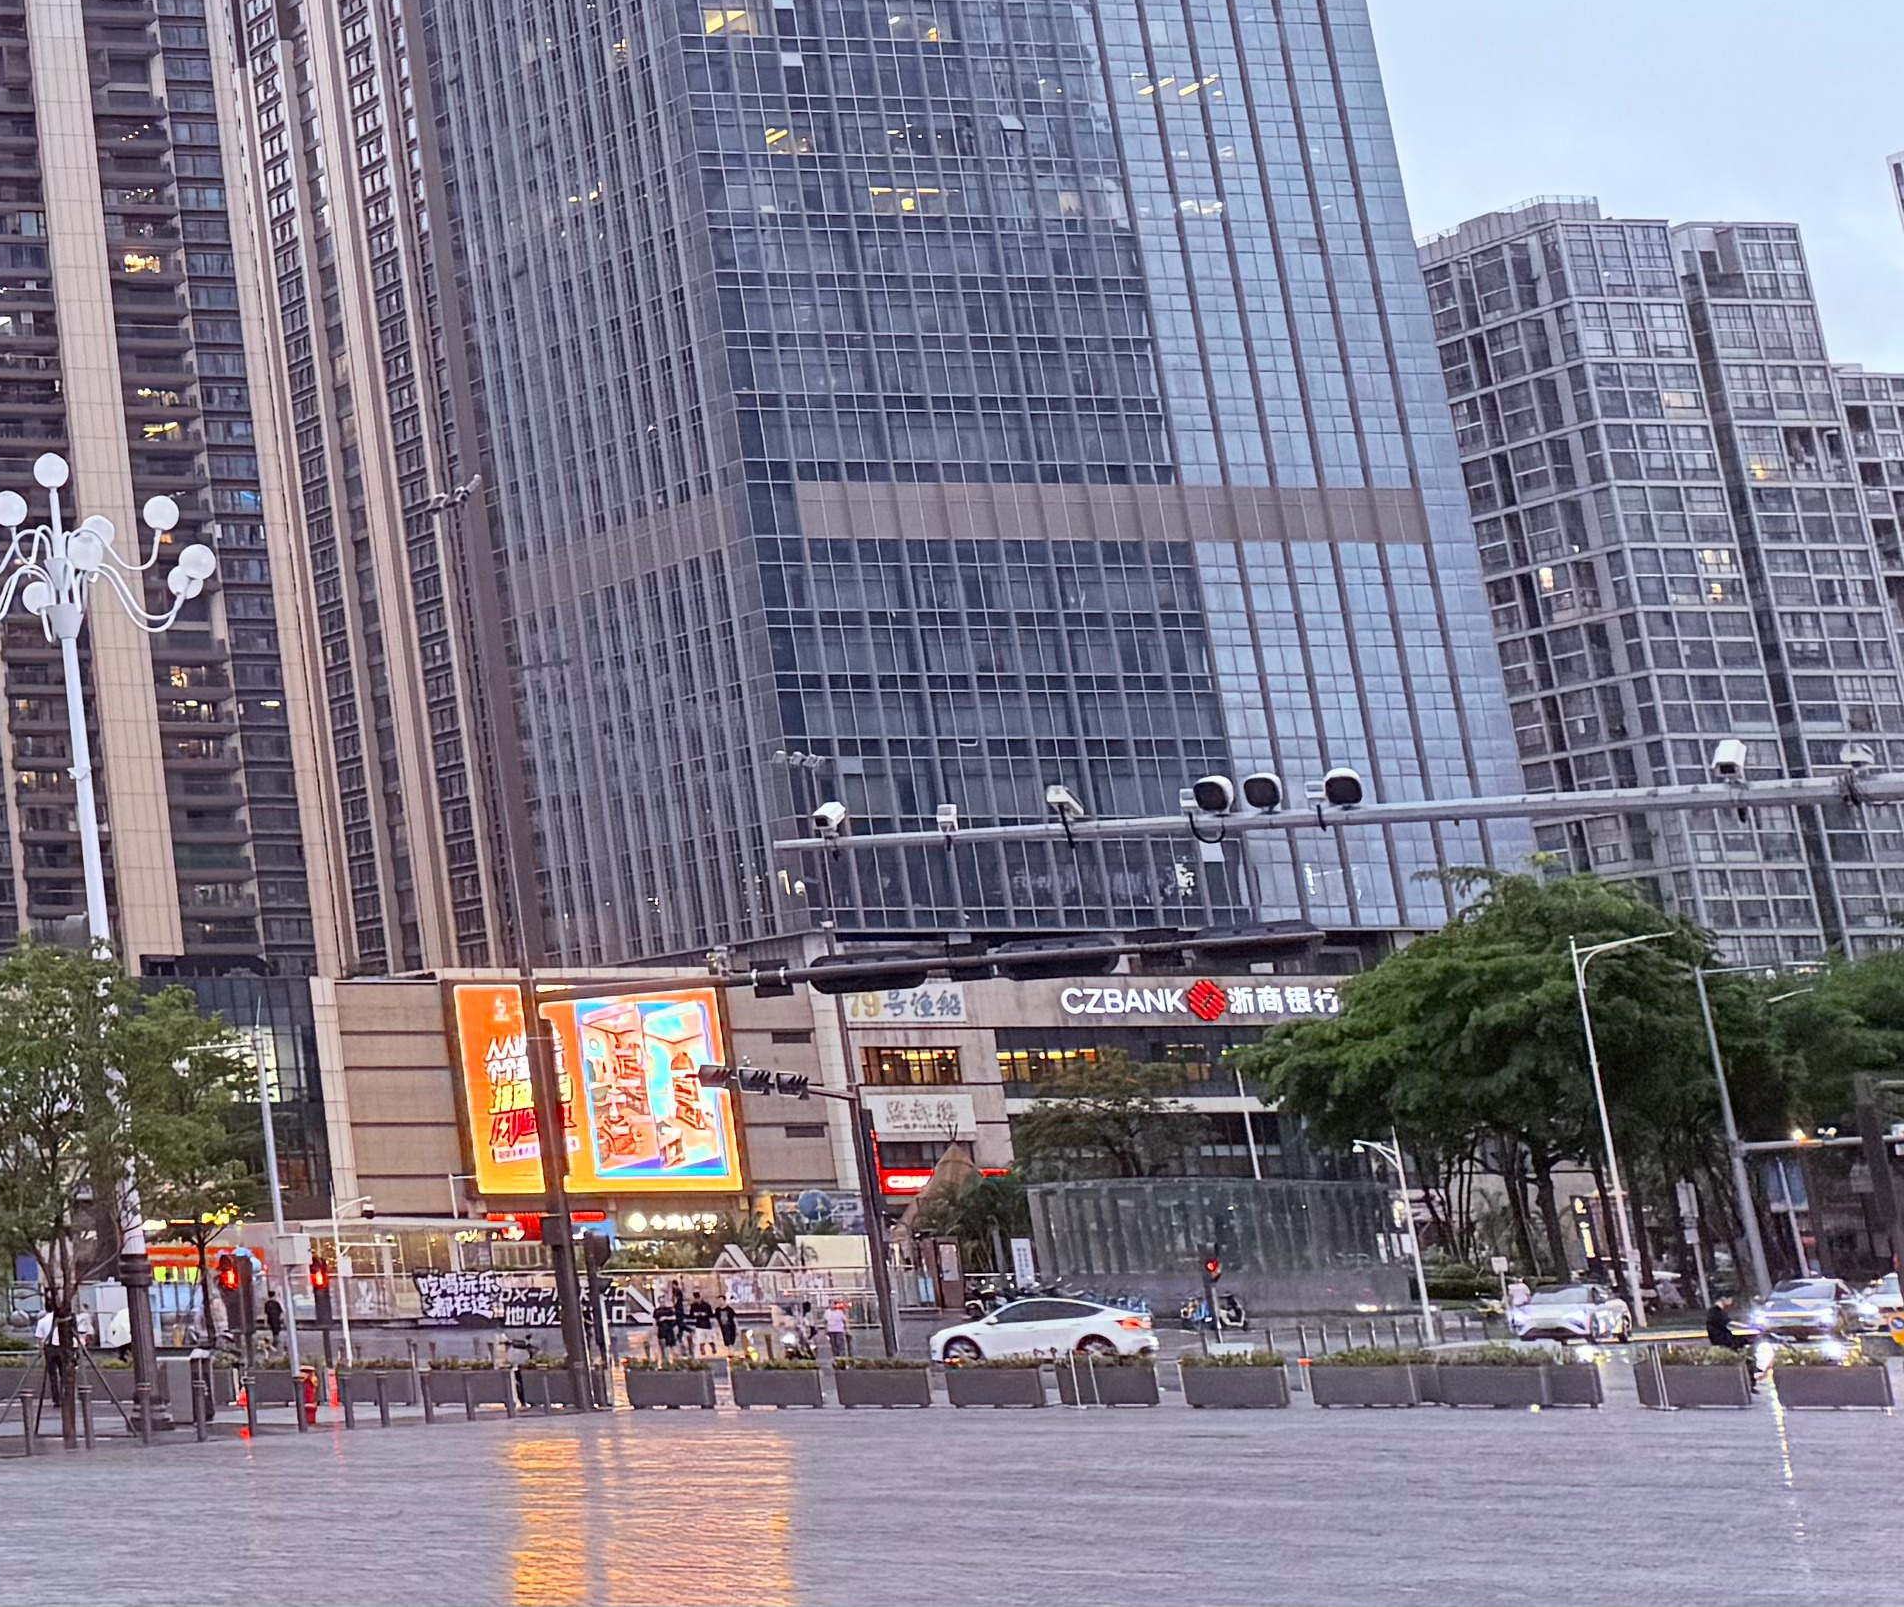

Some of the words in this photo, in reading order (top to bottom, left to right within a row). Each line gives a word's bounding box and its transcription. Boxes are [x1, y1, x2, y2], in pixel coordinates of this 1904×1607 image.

[1060, 987, 1188, 1015] CZBANK
[1226, 985, 1339, 1015] 浙商银行
[418, 1271, 500, 1296] 吃喝玩乐
[429, 1294, 493, 1319] 都在这
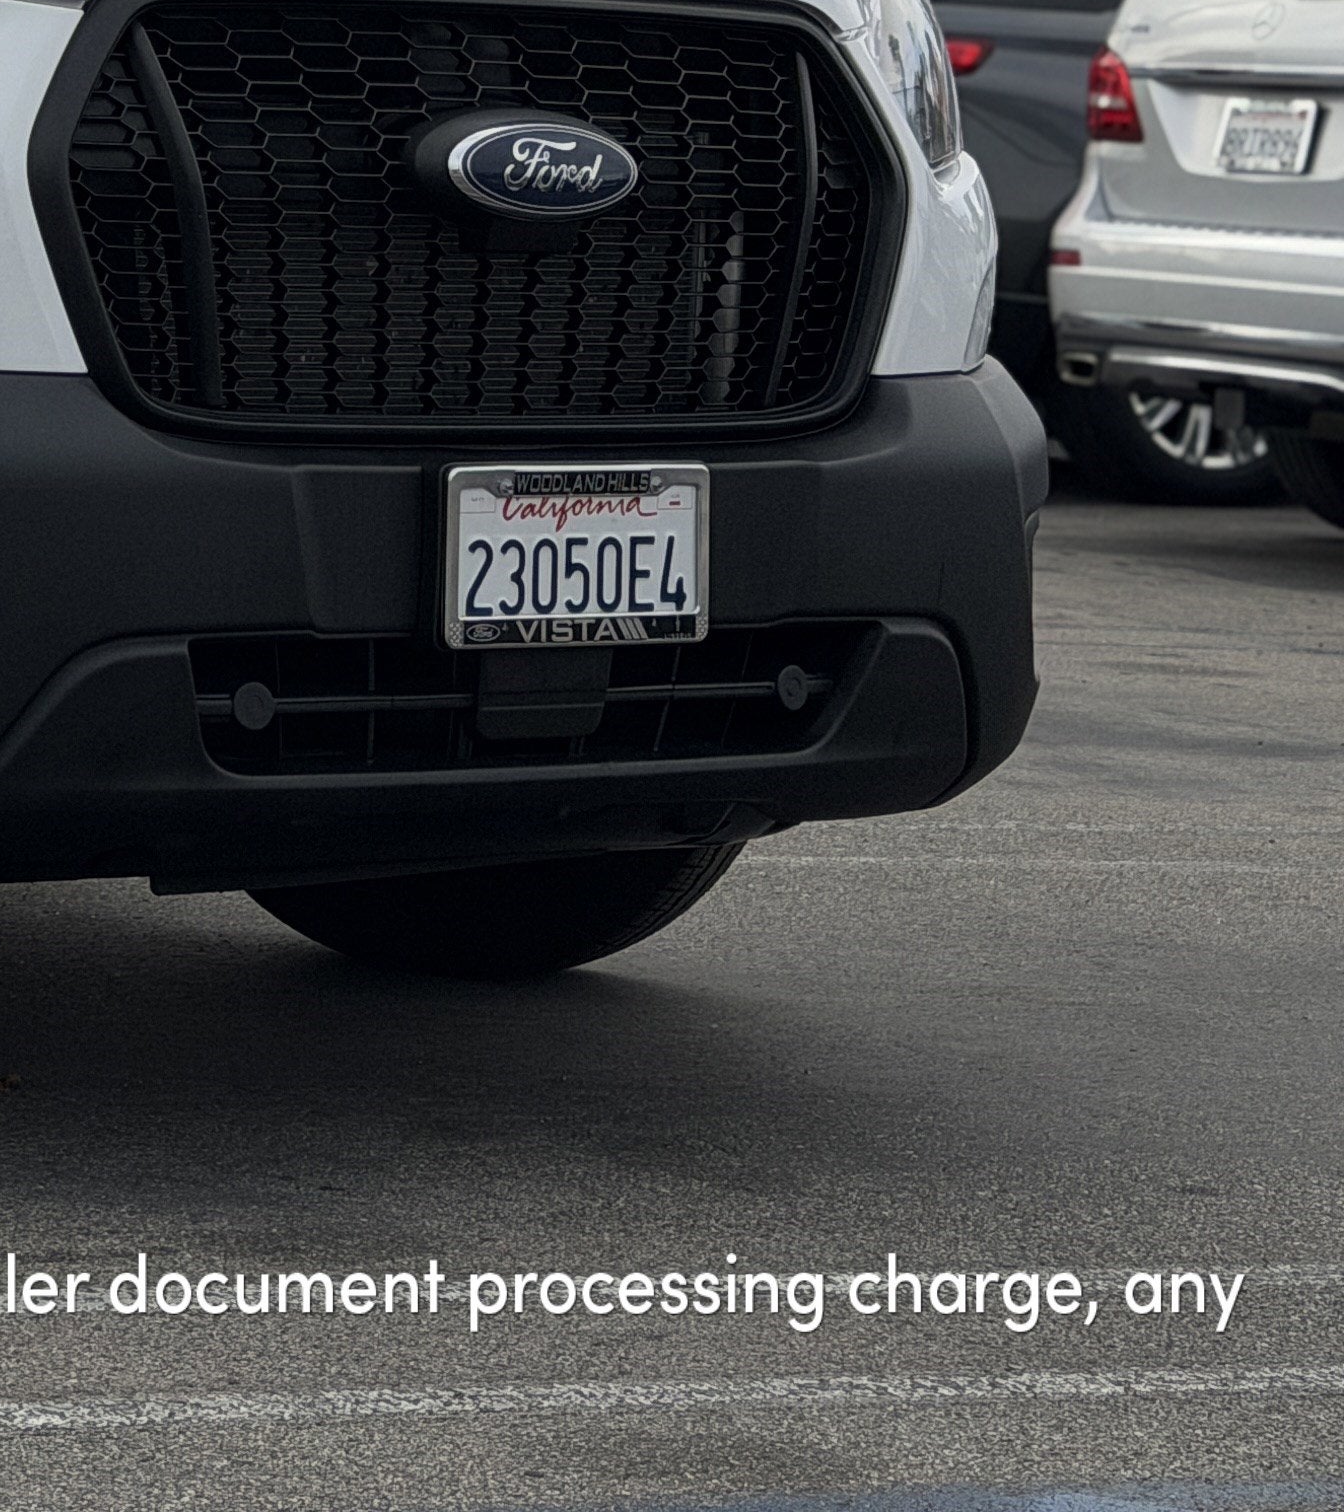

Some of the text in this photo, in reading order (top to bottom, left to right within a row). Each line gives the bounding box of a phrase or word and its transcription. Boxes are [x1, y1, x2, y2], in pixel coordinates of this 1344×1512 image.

__________________________________________________

▶ _What is being asked_
Omit the pictures; print the records above exactly.

▶ _Answer section_
Some of the words in this photo, in reading order (top to bottom, left to right within a row). Each line gives a word's bounding box and its transcription. Boxes are [x1, y1, x2, y2], in pixel coordinates of this 1904×1607 image.

[1060, 987, 1188, 1015] CZBANK
[1226, 985, 1339, 1015] 浙商银行
[418, 1271, 500, 1296] 吃喝玩乐
[429, 1294, 493, 1319] 都在这

Some of the text in this photo, in reading order (top to bottom, left to right within a row). Each line gives the bounding box of a phrase or word and its transcription. Boxes are [x1, y1, x2, y2], in pixel coordinates of this 1344×1512 image.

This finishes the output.